Blinded Randomized trial of Anticoagulation to prevent Ischemic stroke and Neurocognitive impairment in Atrial Fibrillation - BRAIN-AF

Contribution To Literature:

The BRAIN-AF trial failed to show that rivaroxaban prevents cognitive decline, stroke, or TIA among patients with AF.

Description:

The goal of the trial was to evaluate the impact of rivaroxaban compared with placebo on preventing cognitive decline, stroke, or transient ischemic attack (TIA) among patients with atrial fibrillation (AF).

Study Design

  • Randomized
  • Parallel

Patients with AF were randomized to rivaroxban 15 mg daily (n = 611) vs. placebo (n = 624).

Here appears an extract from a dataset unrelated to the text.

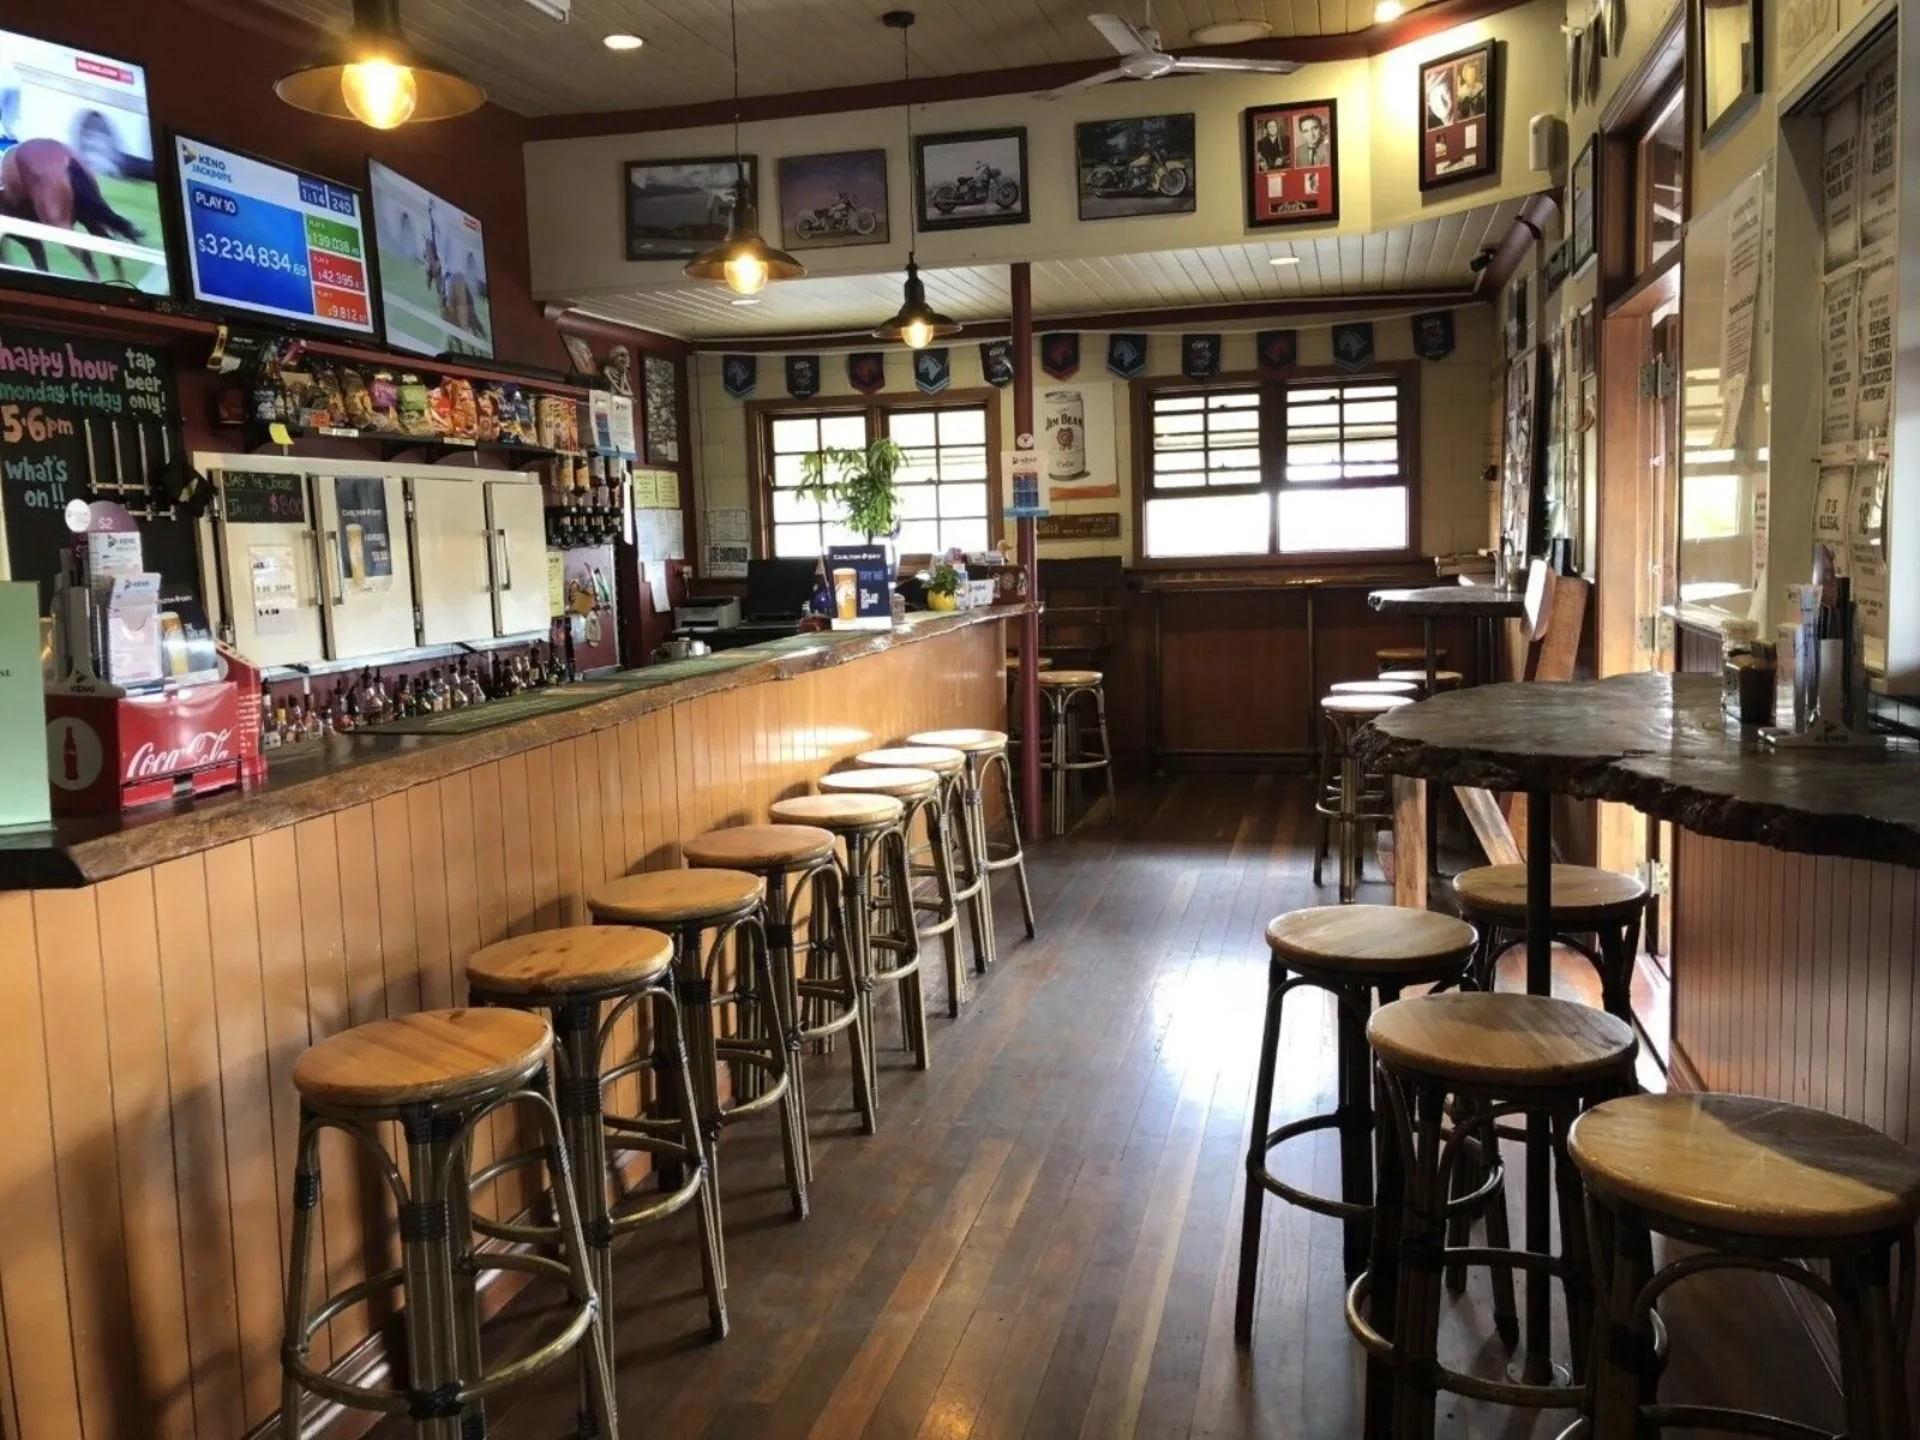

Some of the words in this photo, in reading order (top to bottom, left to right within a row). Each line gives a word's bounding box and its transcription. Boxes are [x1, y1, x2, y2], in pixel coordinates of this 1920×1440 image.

  • Total number of enrollees: 1,235
  • Duration of follow-up: mean 3.7 years
  • Mean patient age: 53 years
  • Percentage female: 26%

Inclusion criteria:

  • 30-62 years of age
  • AF documentation within 2 years

Exclusion criteria:

  • Prior stroke or TIA
  • Hypertension
  • Diabetes
  • Congestive heart failure
  • Increased risk of bleeding
  • Reversible cause of AF
  • Known diagnosis of dementia
  • Chronic kidney disease

Principal Findings:

The primary outcome, cognitive decline (defined by a ≥2-point reduction in Montreal Cognitive Assessment [MoCA] score compared to baseline), stroke, or TIA per year, was: 7.0% in the rivaroxaban group vs. 6.4% in the placebo group (hazard ratio 1.10, 95% confidence interval 0.86-1.40, p = 0.46).

Secondary outcomes:

  • Stroke, TIA, or systemic embolism: 2.5% in the rivaroxaban group vs. 2.7% in the placebo group
  • Major bleeding: 0.3% in the rivaroxaban group vs. 0.8% in the placebo group

Interpretation:

Among patients with AF, rivaroxaban compared with placebo failed to prevent cognitive decline, stroke, or TIA.

References:

Presented by Dr. Lena Rivard at the American Heart Association Scientific Sessions, Chicago, IL, November 16, 2024.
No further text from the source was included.